Si en El callejón de los milagros, una cinta posterior a Rojo amanecer, Jorge Fons colocó bajo una lupa crítica a la vecindad (una tipología que fue abundantemente filmada por el cine de la Época de Oro), narrando cómo esta forma de vivienda, un significante de la nostalgia, formaba parte de las crisis traídas por la globalización, en Rojo amanecer las efervescencias políticas se expresan de manera literal entre el interior de un departamento y el exterior de una plaza pública, como propone David William Foster en Mexico City in Contemporary Mexican Cinema (2002). Para el autor, vale la pena prestarle atención a los estratos sociales que moran en una sola casa.

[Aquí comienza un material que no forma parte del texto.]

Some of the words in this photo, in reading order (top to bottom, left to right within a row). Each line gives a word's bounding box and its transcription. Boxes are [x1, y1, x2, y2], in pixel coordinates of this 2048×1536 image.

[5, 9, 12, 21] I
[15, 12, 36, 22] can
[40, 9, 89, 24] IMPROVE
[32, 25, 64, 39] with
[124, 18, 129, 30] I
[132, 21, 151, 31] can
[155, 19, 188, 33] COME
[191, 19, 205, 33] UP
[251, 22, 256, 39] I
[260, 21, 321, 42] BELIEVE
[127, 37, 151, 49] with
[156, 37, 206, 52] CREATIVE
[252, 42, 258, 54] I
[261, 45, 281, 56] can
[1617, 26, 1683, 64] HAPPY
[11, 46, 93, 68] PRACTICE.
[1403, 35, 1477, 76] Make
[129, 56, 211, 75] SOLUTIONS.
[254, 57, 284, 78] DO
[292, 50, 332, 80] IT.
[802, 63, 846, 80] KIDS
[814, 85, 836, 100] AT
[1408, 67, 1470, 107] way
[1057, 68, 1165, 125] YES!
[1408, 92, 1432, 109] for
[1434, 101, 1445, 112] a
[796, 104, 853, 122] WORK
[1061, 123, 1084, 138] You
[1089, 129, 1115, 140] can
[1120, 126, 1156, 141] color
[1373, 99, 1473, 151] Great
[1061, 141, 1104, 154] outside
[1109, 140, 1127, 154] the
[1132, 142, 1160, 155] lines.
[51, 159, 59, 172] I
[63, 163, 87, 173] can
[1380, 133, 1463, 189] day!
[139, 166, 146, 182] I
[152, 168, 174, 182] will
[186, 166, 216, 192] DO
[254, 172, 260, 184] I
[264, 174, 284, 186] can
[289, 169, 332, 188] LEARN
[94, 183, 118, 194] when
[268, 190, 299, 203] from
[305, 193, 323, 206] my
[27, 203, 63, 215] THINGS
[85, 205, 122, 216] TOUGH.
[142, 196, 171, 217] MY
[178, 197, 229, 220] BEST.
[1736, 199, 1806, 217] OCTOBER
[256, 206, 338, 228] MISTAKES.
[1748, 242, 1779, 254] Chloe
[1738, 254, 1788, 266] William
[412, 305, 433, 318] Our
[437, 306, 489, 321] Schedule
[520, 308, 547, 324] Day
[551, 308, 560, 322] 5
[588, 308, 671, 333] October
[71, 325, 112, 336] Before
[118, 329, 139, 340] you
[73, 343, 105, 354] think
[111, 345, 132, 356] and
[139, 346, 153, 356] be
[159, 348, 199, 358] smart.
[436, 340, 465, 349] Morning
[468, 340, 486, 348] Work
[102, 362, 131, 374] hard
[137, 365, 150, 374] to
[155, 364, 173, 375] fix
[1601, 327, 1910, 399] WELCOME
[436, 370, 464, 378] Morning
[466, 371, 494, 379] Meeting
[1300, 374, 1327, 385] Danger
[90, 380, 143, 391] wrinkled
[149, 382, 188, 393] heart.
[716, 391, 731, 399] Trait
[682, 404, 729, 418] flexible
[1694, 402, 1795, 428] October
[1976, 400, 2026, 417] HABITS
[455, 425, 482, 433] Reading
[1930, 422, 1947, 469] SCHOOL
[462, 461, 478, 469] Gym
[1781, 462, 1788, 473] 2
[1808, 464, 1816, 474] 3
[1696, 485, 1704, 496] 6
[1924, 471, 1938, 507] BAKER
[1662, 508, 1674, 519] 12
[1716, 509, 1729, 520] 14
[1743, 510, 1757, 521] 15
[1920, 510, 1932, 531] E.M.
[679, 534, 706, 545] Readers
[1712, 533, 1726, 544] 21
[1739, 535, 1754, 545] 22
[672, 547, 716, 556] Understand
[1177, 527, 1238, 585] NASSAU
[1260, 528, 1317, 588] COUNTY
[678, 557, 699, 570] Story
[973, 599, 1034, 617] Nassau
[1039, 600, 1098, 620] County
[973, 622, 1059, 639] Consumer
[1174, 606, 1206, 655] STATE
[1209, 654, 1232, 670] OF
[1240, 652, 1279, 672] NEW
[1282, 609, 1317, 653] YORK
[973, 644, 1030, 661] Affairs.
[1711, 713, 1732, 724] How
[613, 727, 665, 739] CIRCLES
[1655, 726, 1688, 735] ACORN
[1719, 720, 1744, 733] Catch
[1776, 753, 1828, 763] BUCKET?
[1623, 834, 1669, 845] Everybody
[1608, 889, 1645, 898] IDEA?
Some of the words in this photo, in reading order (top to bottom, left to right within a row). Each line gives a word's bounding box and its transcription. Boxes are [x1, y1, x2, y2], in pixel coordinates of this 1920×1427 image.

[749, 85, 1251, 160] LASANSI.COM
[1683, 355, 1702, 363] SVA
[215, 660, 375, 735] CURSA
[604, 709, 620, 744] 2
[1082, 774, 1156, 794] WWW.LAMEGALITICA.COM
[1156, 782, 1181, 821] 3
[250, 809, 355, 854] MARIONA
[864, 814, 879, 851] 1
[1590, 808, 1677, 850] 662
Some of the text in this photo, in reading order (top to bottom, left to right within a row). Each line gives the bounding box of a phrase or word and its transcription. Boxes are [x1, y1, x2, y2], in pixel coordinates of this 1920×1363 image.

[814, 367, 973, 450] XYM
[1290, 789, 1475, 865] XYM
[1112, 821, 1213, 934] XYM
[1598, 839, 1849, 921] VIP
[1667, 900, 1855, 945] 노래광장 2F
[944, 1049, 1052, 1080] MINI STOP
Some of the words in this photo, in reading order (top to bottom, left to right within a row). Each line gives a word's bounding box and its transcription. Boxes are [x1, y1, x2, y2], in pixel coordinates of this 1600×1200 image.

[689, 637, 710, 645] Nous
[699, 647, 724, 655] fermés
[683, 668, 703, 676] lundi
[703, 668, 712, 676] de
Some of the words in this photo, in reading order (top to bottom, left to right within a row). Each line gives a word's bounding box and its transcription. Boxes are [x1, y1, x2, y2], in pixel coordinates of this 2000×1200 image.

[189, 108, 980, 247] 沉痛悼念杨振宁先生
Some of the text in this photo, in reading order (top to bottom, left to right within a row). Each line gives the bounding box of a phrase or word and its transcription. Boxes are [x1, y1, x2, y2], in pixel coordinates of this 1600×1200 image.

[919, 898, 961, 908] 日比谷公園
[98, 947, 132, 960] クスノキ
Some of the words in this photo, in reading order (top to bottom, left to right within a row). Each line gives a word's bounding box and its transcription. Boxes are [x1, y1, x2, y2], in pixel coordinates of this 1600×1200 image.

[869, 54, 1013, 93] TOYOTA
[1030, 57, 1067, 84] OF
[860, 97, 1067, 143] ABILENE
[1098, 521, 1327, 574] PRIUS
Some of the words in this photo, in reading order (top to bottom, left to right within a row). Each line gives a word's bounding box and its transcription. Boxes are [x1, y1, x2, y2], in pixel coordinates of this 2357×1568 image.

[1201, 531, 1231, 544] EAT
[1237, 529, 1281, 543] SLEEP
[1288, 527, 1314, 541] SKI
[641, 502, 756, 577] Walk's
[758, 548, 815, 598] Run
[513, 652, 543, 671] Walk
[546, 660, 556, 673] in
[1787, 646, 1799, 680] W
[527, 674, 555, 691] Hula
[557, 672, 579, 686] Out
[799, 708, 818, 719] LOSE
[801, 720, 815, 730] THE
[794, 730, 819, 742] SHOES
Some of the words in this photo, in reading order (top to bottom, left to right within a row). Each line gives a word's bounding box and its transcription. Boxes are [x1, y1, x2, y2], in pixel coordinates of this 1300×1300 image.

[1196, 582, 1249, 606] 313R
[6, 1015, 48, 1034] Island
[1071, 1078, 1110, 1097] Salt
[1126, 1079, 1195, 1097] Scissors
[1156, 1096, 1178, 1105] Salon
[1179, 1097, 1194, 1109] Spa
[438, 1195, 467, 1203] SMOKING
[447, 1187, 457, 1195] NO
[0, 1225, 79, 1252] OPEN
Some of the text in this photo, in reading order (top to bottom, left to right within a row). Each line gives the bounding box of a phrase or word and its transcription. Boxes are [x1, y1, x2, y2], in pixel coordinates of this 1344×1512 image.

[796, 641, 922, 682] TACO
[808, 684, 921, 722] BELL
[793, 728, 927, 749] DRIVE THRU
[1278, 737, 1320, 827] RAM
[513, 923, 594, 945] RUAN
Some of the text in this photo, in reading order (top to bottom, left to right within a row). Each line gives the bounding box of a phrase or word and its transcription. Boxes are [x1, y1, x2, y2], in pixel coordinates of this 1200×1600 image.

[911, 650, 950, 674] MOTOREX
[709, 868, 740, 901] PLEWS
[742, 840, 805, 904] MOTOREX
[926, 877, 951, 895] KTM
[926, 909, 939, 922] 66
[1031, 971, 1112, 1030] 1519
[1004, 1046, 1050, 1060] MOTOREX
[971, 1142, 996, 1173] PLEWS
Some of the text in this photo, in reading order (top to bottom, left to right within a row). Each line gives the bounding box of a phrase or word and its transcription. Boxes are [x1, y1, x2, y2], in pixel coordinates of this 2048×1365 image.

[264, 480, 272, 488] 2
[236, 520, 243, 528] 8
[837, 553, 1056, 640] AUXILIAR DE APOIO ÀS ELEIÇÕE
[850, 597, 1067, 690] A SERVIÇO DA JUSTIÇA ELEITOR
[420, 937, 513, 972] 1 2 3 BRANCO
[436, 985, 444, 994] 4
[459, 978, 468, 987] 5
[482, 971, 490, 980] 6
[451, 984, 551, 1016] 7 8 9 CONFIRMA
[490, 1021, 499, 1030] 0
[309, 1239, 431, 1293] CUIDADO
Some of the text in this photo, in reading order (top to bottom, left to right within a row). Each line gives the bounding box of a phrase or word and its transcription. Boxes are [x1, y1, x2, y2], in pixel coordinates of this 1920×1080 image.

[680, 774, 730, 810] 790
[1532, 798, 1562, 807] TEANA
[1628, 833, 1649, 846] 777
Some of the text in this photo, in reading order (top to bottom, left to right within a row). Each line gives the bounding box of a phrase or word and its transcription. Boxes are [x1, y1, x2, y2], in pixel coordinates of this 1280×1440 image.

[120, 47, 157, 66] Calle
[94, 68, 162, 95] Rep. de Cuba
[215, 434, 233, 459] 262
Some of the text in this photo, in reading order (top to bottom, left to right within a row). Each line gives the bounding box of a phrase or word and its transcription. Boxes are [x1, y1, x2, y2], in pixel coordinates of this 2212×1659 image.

En un espacio reducido donde se comparten las habitaciones con uno o más familiares conviven, como ya se dijo, un militar retirado, el padre de Humberto, un burócrata que pide a sus hijos universitarios no meterse en “grillas” y Alicia, ama de casa y esposa de Humberto. Esto, para William Foster representa un recorrido por las ideas de aquellos que habitan la ciudad física y simbólicamente. Ciertamente, un espacio se recorre, pero también la ciudadanía mira las noticias, se preocupa por sus hijos y discute durante el desayuno los eventos actuales. Para el autor, el departamento es representativo ya que reúne a los grupos demográficos de la ciudad más importantes de la década de los 60, como lo es un matrimonio con hijos. 

William Foster no deja de enfatizar que, aun cuando la ciudad no aparezca físicamente, ésta irrumpe en un refugio familiar mediante los conflictos sociales, político y económicos que se generan en el ámbito urbano. En Rojo amanecer, “la ciudad es omnipresente y es el eje dominante que dirige el significado de la cinta”, lo cual queda demostrado en los personajes que estructuran la historia pero también en el audio y en algunos encuadres que tensionan, de una manera por demás inteligente, al interior y exterior. Evidentemente, la línea temporal de la cinta es el 2 de octubre. Conforme el día va desarrollándose, irrumpe en un hogar de la clase media el sonido de las manifestaciones y, posteriormente, el de los disparos. La invasión se incrementa cuando, desde las escaleras y el vestíbulo, llegan los ecos de los amagamientos y de los gritos de ayuda. Finalmente, ingresa el sonido se corporeiza en la figura de un estudiante herido que pone en crisis la empatía de la familia ya que dudan si darle o no refugio. Por otro lado, en algún momento la madre abre su ventana para mirar lo que está ocurriendo en la Plaza de las Tres Culturas. Desde el punto de vista de ella y del mismo departamento, se nos narra un momento definitivo para la ciudad, para la política y para la clase media. 

El único que sobrevive al ataque militar es Carlitos quien, en la mañana del 3 de octubre, sale de su departamento para encontrar los cadáveres que se extienden desde el interior de su edificio hasta la plaza. Es el único momento en el que aparece el exterior de Tlatelolco. Aquí, es posible establecer un contraste. En los metrajes documentales, sólo vemos a los estudiantes tomando o huyendo de la plaza, rodeados de las fachadas corbusianas que diseñara Mario Pani. En la ficción de Jorge Fons, como sucede con las voces que recopiló Elena Poniatowska, se nos dice que hubo personas viviendo dentro de esos proyectos, lo que sigue siendo cierto después del 68, del sismo del 85. Tlatelolco continúa siendo habitado.